Sta per concludersi la prima settimana in zona rossa che, nel mio immaginario, significa: tutti a casa. Si sta in smart working, si esce solo per necessità motivate e con certificazione. Si sta “isolati”.
Poi, la realtà: dinnanzi agli occhi, rosso rimane solo il conto in banca di coloro che, a causa delle ripetute chiusure/aperture di questo ultimo anno, hanno visto fallire la loro attività imprenditoriale o hanno perso il lavoro o non ne hanno mai trovato uno.
La realtà racconta di famiglie con figli che non sanno più dove sbattere la testa, cercando di fare la gincana di incastri tra il tetris delle sedute di DAD e il lavoro smart, quando ancora ne hanno uno.
La realtà mostra i più giovani accumulare rabbia e frustrazione che talvolta si esprimono in atti violenti verso gli altri o nei confronti di loro stessi, attraverso comportamenti autolesionistici.
La realtà di intere fasce di popolazione che stanno lentamente scolorendo, in preda alla morsa della depressione.
Guardo alla finestra e mi pare che questo gioco al massacro di colorare l’Italia, non porti i benefici effetti sperati.
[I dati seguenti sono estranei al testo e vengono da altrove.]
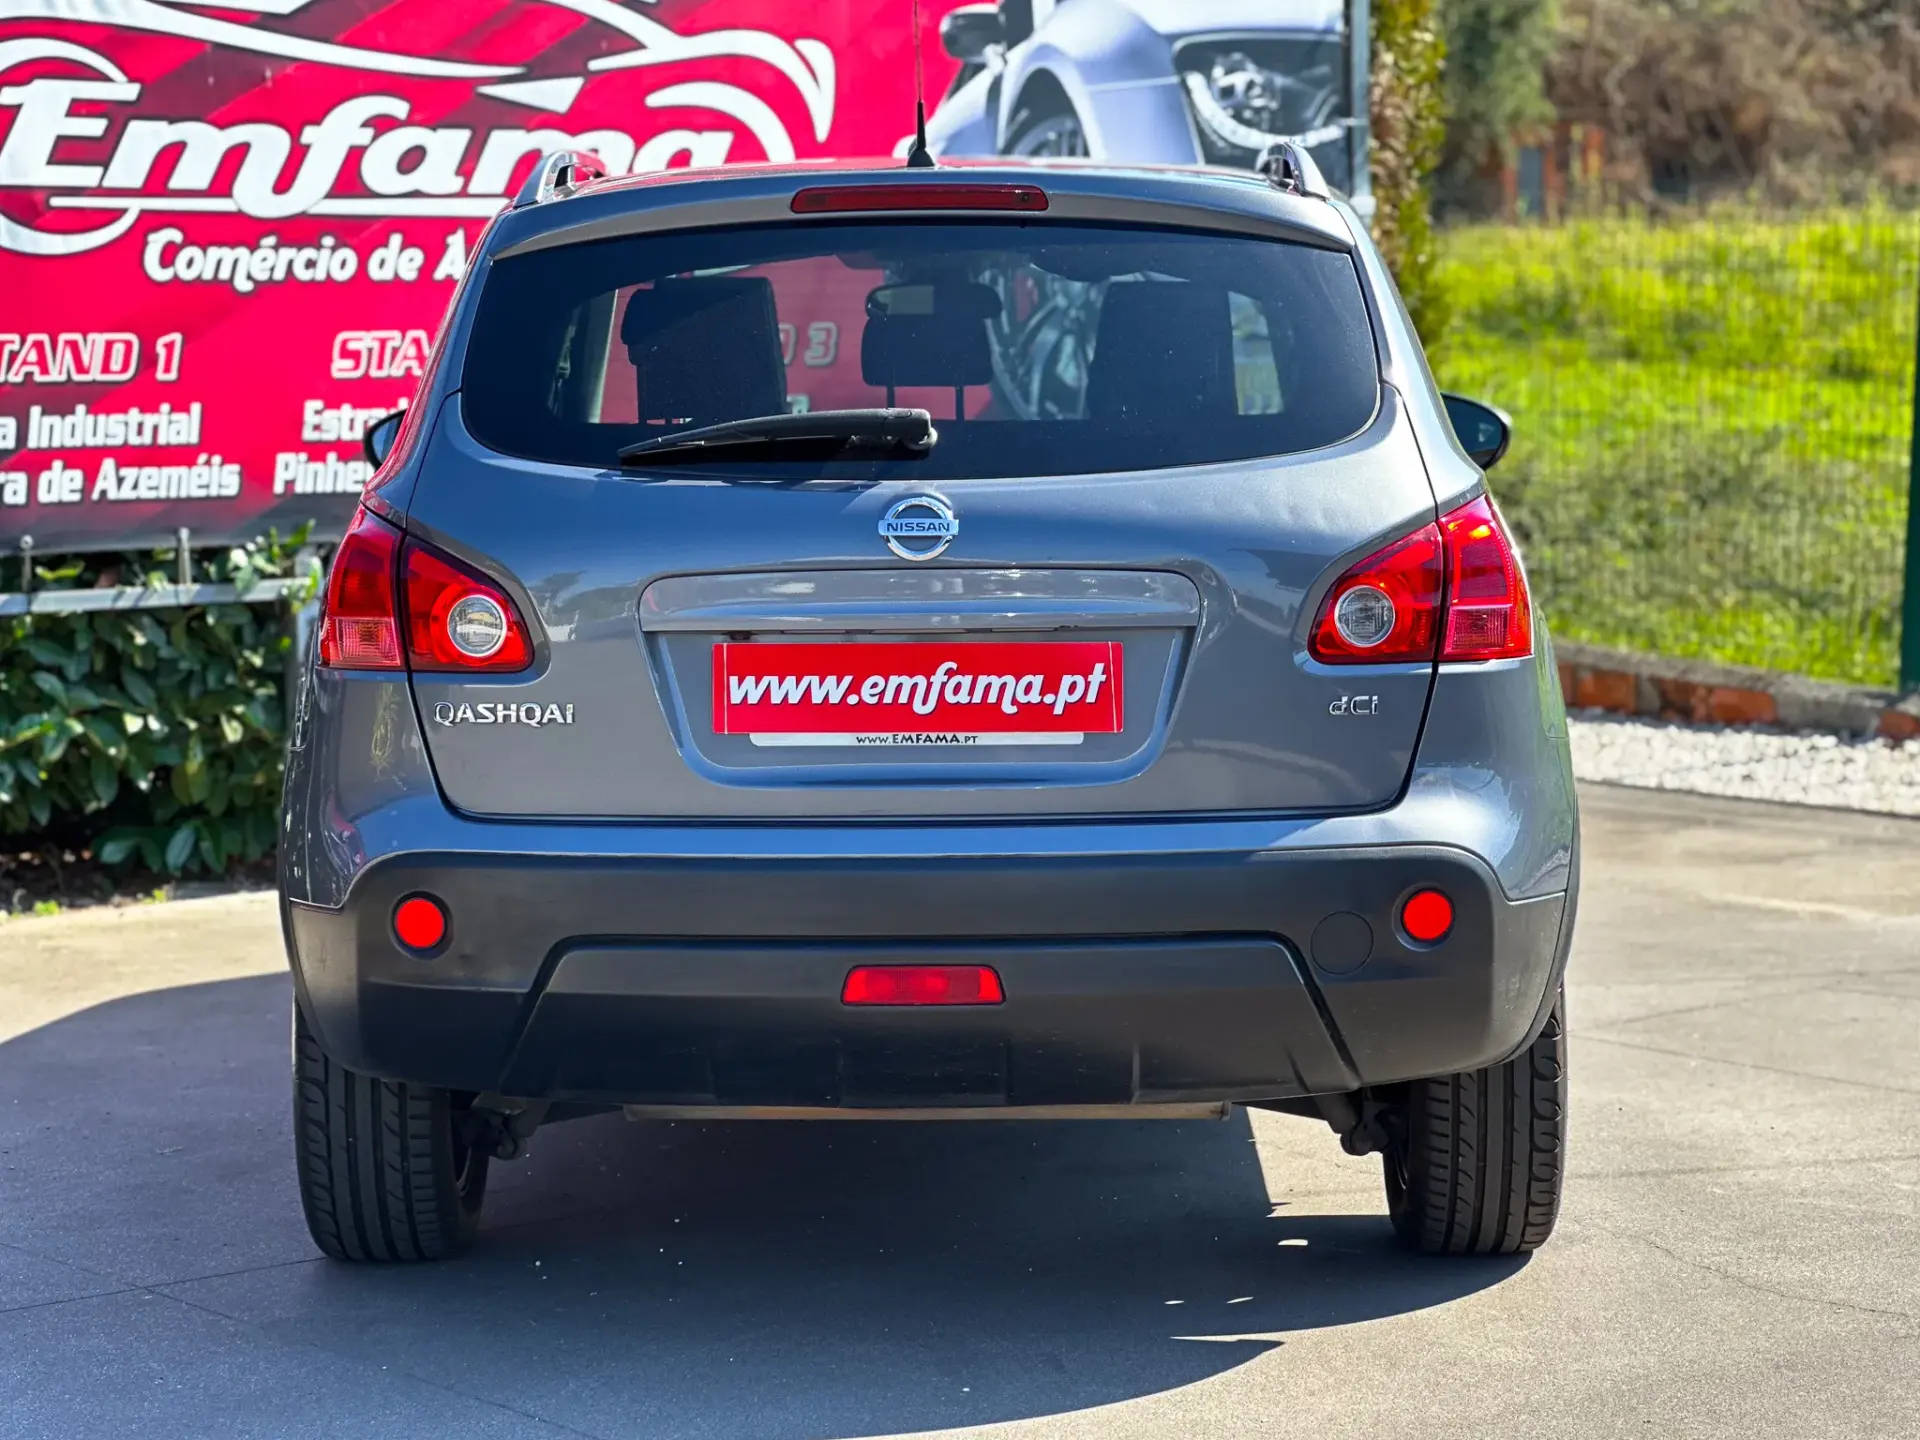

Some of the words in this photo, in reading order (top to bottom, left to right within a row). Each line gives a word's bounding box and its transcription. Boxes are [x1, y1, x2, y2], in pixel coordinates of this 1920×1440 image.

Le varianti del virus stanno correndo e i comportamenti della cittadinanza ESASPERATA , forse, non contribuiscono a limitare i danni.
A me pare che stiamo dentro a una pentola a pressione difettosa, pronta, in un attimo, a fare un grande botto.
Guardo alla finestra e sento prepotente la primavera penetrare i pori della pelle e ho voglia di vita, anzi, la vita mi prende e mi spinge per essere vissuta.
Mi comporto bene e sono ligia alle regole. Ho pure scritto da qui parecchi sermoni, l’anno scorso, sul fatto di tenere duro, mantenere alte le difese e seguire le regole.
Sono una brava cittadina, continuo a stringere i denti ma, francamente, non ci credo più.